Myth 2: Child Sexual Abuse most often occurs in lower class families:

Fact: Child sexual abuse knows no boundaries. It occurs in all social and economic classes of society.  According to a report by Sahil – an NGO for child protection, 74% cases from the rural areas while 26% cases from the urban areas of Pakistan were reported during January to July 2017.

Myth 3: Boys are safe from sexual abuse

Fact: They’re at as much at risk as girls. In 2016, 850 cases were reported by male children in Pakistan which is still underestimated (Sahil, 2017). This is because in our cultures boys are expected to be tough and strong and its hardly believed that boys can also be the victims of sexual abuse.  .

Myth 4: Children often lie and make up stories about sexual abuse:

Fact: It’s very rare for children to lie about sexual abuse. In fact they try to give many hints to their caregivers that indicate an abuse is taking place with them

Myth 5: Sexual abuse is a onetime incident. It cannot happen again

Fact: It is very likely that abuser will abuse his/her victim again. Hence, it is very important to report the incident to someone you trust the most!

How To Tell If Your Friend is Going Through Abuse

How To Tell If Your Friend is Going Through Abuse

Do you find your best friend feeling low and depressed? Has he or she become fearful of certain places or an adult who they were not afraid of before?

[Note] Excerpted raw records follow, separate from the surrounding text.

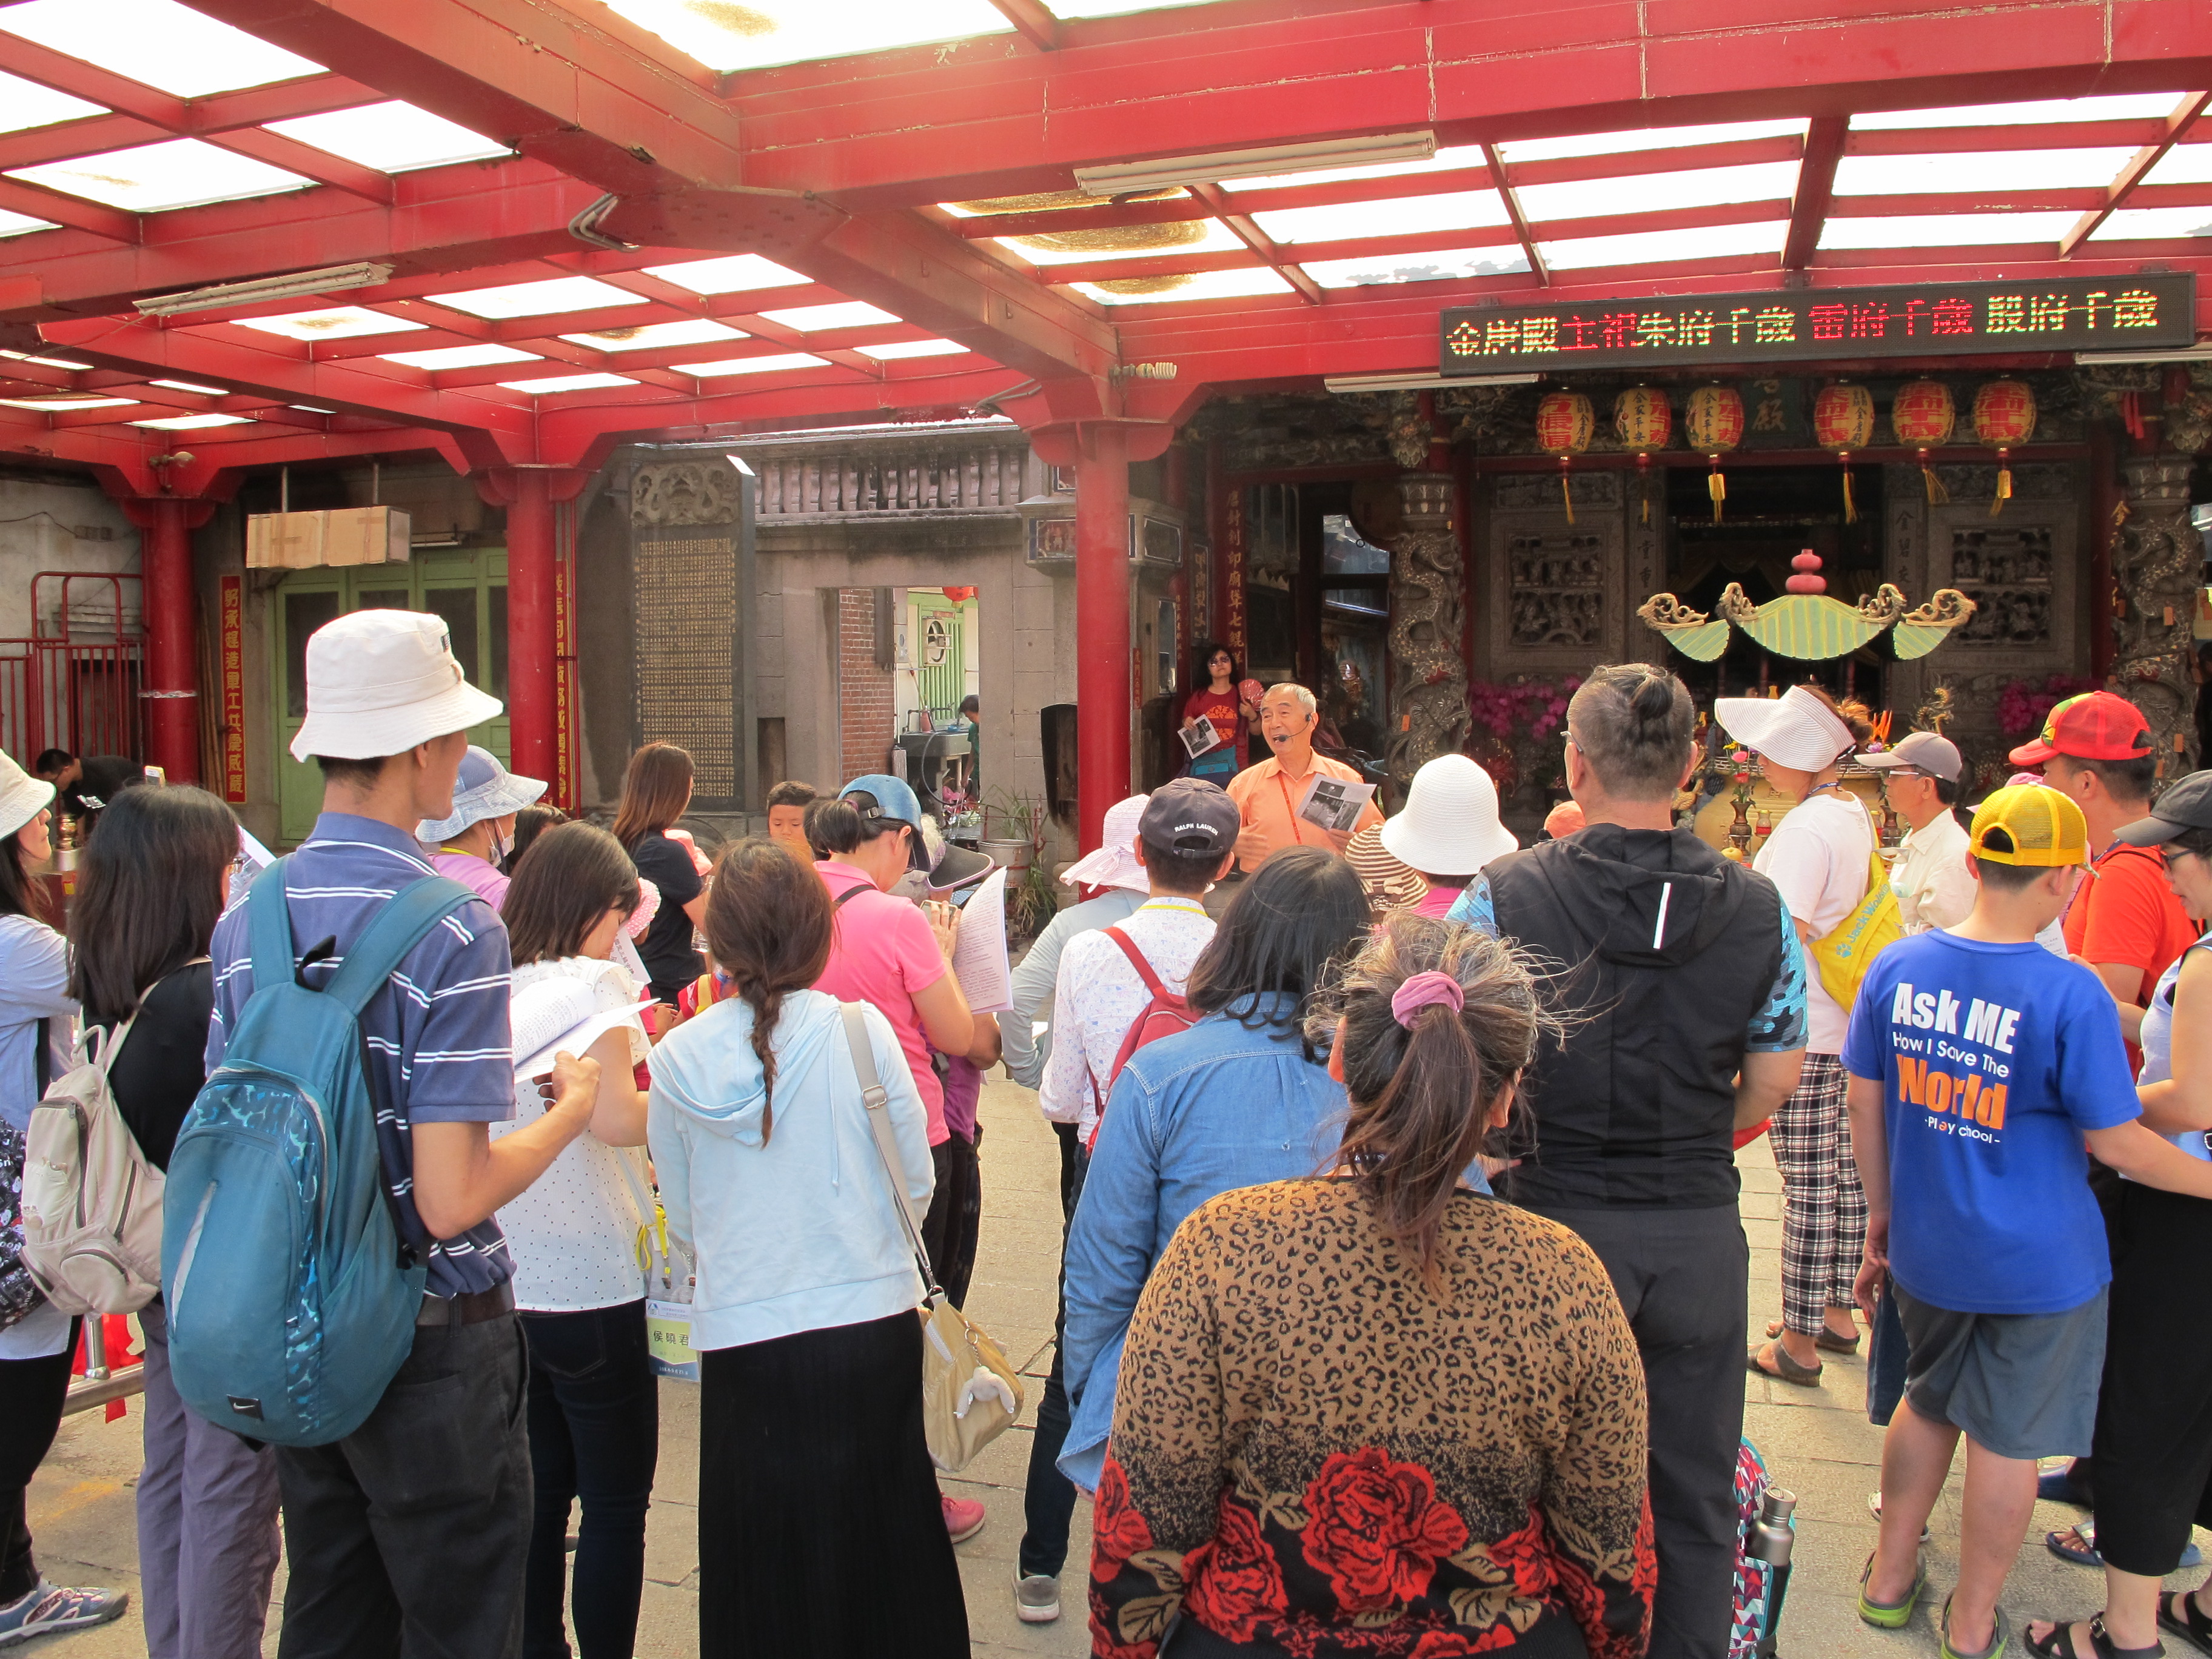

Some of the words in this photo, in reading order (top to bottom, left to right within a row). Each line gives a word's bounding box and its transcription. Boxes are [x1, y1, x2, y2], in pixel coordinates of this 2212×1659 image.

[1175, 823, 1194, 833] RALPH
[1846, 915, 1869, 943] Jack
[1963, 997, 2020, 1054] ME
[1892, 1031, 1923, 1051] How
[1926, 1041, 1932, 1054] I
[1937, 1041, 1977, 1066] Save
[1982, 1053, 2009, 1078] The
[1895, 1053, 2008, 1130] World
[654, 1330, 689, 1346] 侯曉君

Have they suddenly started to avoid coming home or going to school? Do you often spot them spacing out in the middle of a conversation? Have they started feeling insecure? Have they ever referred to having secrets with an adult that they cannot share?

If the answer to any of these questions is YES, then you need to help your friend.

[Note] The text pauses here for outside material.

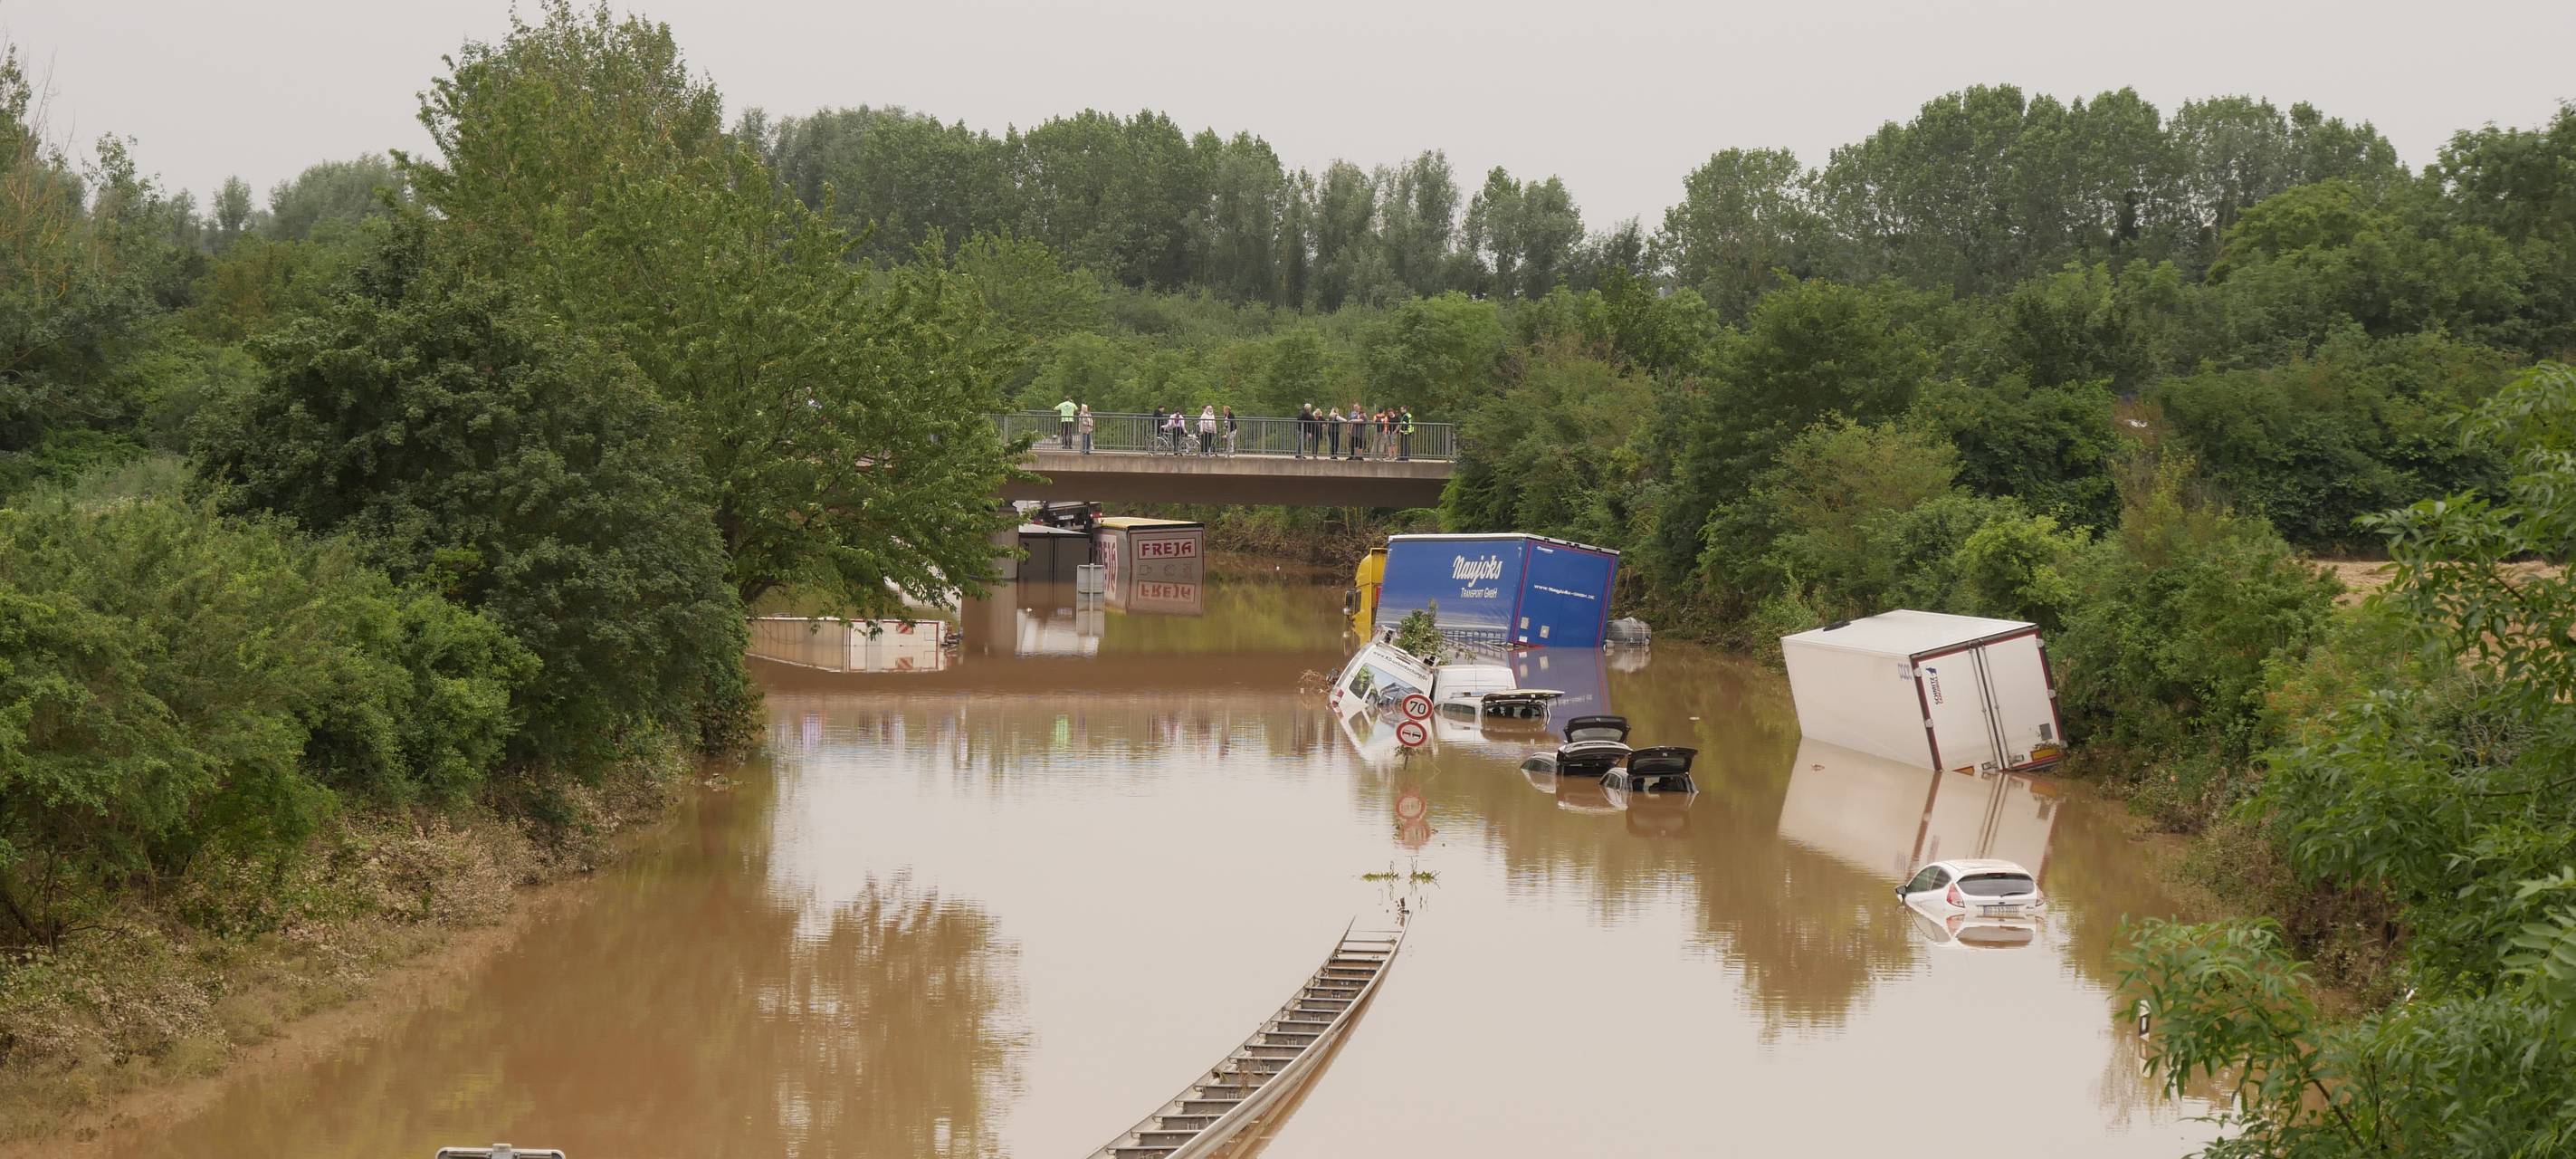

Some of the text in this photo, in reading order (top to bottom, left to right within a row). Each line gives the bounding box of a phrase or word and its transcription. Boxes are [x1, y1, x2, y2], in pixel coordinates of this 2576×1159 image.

[1141, 541, 1192, 556] FREJA
[1452, 554, 1503, 588] Naujoks
[1409, 701, 1426, 714] 70

Often signs of sexual abuse are not obvious because there are usually fewer physical symptoms than the emotional ones. However, children/teens who are being abused/ or are survivors of abuse often exhibit certain characteristic symptoms that we all should keep in mind.

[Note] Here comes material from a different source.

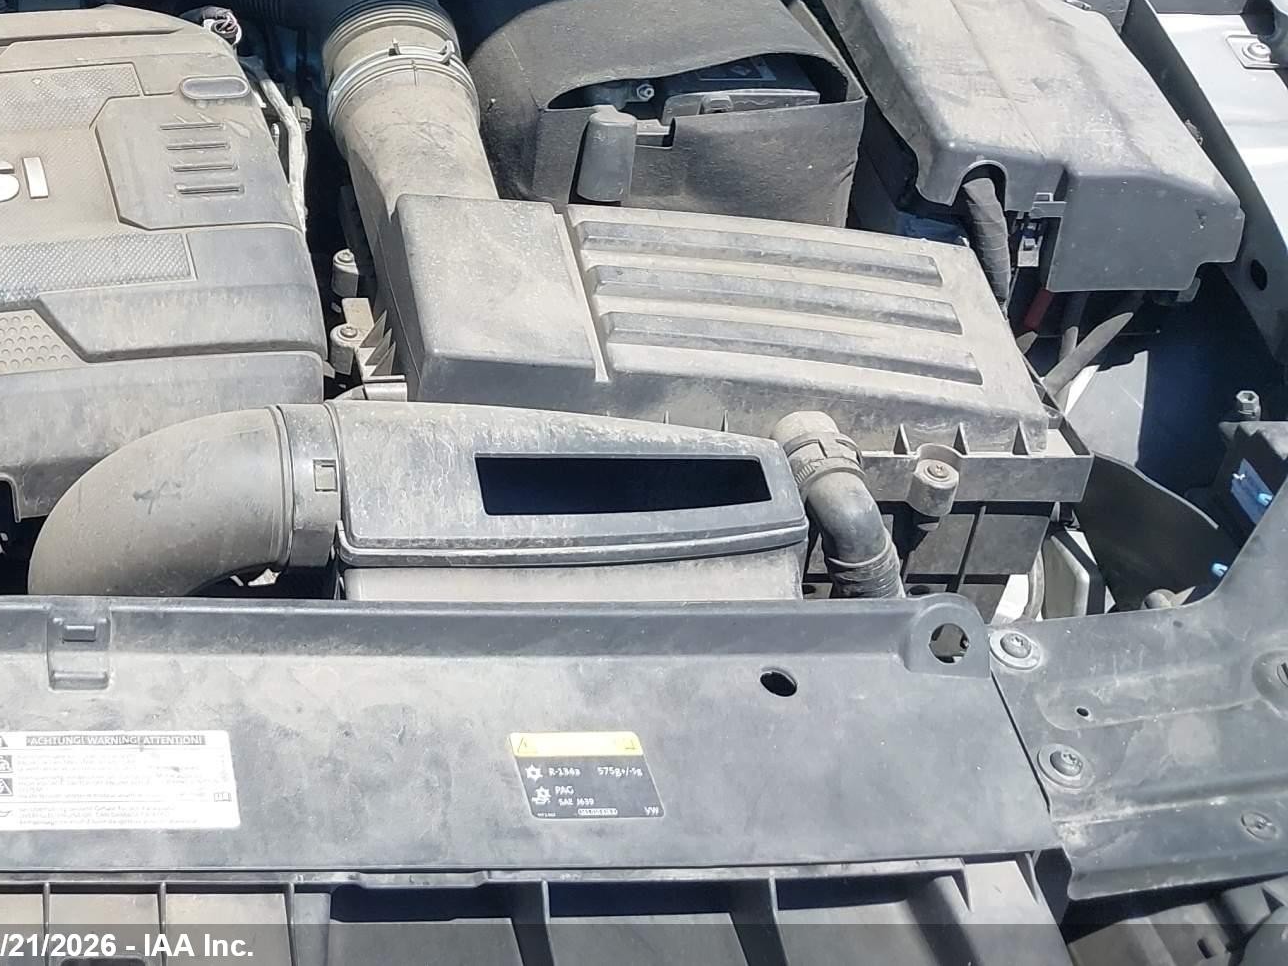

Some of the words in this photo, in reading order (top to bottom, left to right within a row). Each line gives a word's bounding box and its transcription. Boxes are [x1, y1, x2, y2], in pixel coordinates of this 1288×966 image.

[30, 736, 84, 745] ACHTUNG!
[143, 736, 203, 745] ATTENTION!
[554, 785, 575, 795] PAG
[558, 797, 574, 806] SAE

So today, we are going to tell you when to suspect abuse in children or your peers so that you can help them fight the battle.

  1. Are they having trouble falling asleep?

If nightmares have become too common and they cannot go to sleep as easily as they used to in the past, then this hints towards emotional turmoil. The reason may not always be sexual abuse, but it is essential that you speak to them about it and rule out sexual abuse.

  1. Have they become sad, aloof, or clingy?

If you notice your friend, who earlier used to make group conversations so lively with jokes and laughter has suddenly become passive or quiet then you must speak to him/her.  Explore if anything is bothering them or if they are scared of someone they know.

  1. Are they suddenly too secretive?

If any of your friend or class fellow refers to ‘secrets’ that he/she has with an adult and cannot share it with you then try to find out that the secret does not relate to any kind of abuse.

  1. Do they lose their temper on petty things?

If you notice your friend has suddenly become excessively aggressive or display intense anger and rage in little things or towards someone specifically then you need to help your friend.

  1. Do they have inappropriate knowledge of sexual content and behaviour?

If you notice that your friend has suddenly started discussing inappropriate sexual content with you or tries to show you such content then you must stop your friend and explore where did he/she got access to such information? If they hesitate to share with you then you must inform an adult to help her/him out!

Is there an injury or a mark which wasn’t there before?

If so, then speak to your friend about it, check if everything is okay and if they want to talk about anything that is pressing-

Some of the behaviours and psychological reactions listed above can be a result of emotional upheavals that your friends may experience inevitably. The death of a loved one, problems at school or with personal relationships can make your friend exhibit symptoms which do not necessarily mean that they are being sexually abused. However, if you notice all of the symptoms from the list above then it is essential to explore further if abuse has taken place.

Remember, sexual abuse can dent anyone’s confidence and self esteem. Your friends may be reluctant in sharing the incident with you but you need to assure them that you are there to help them out. So HELP your friends!!